Für die Studie wurden mehr als 3500 Arbeitnehmer und Arbeitsuchende in ganz Österreich befragt. Ganze zehn Prozent davon gaben an, wegen der Coronakrise bereits gekündigt worden zu sein. Es ist also eine hohe Arbeitslosigkeit zu befürchten, wobei StepStone keine Angaben zu etwaigen Wiedereinstellungsgarantien gibt, die dieser Tage häufig ausgesprochen werden und die das Bild wohl mittelfristig relativieren werden.


In eigener Sache: Der brutkasten ermöglicht es aufgrund der Coronakrise auf seiner Jobplattform derzeit allen Unternehmen, gratis Job-Inserate zu schalten.

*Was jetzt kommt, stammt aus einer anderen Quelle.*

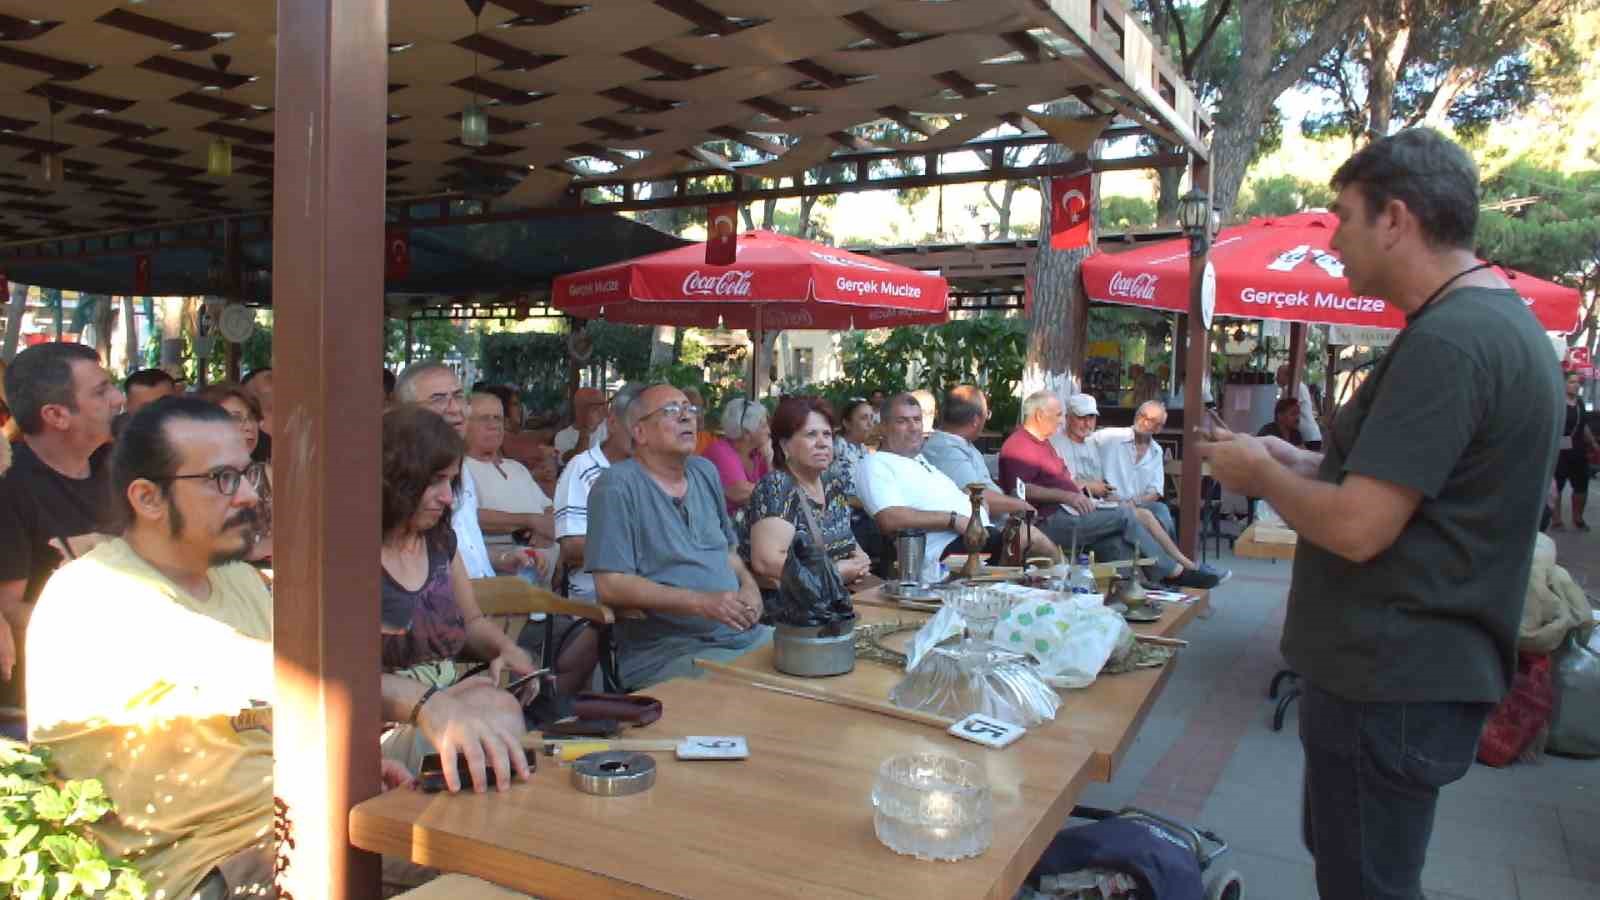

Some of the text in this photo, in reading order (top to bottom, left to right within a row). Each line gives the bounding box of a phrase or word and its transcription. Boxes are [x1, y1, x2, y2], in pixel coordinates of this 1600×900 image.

[836, 277, 922, 298] Gerçek Mucize
[1240, 287, 1385, 312] Gerçek Mucize

Coronavirus bereitet große Sorgen – auch um Unternehmenserfolg

Weitere 30 Prozent der Befragten haben derzeit Angst, ihren Job zu verlieren. Generell herrsche unter den Befragten große Sorge, so StepStone: 85 Prozent geben demnach an, sich wegen des Virus Sorgen zu machen (Anm.: Im Umkehrschluss sind also noch immer 15 Prozent nicht besorgt), jeder Zweite hat Angst, dass sich das Coronavirus negativ auf den Unternehmenserfolg auswirkt. Ein weiteres Drittel fürchtet außerdem, sich selbst am Arbeitsplatz mit Corona zu infizieren.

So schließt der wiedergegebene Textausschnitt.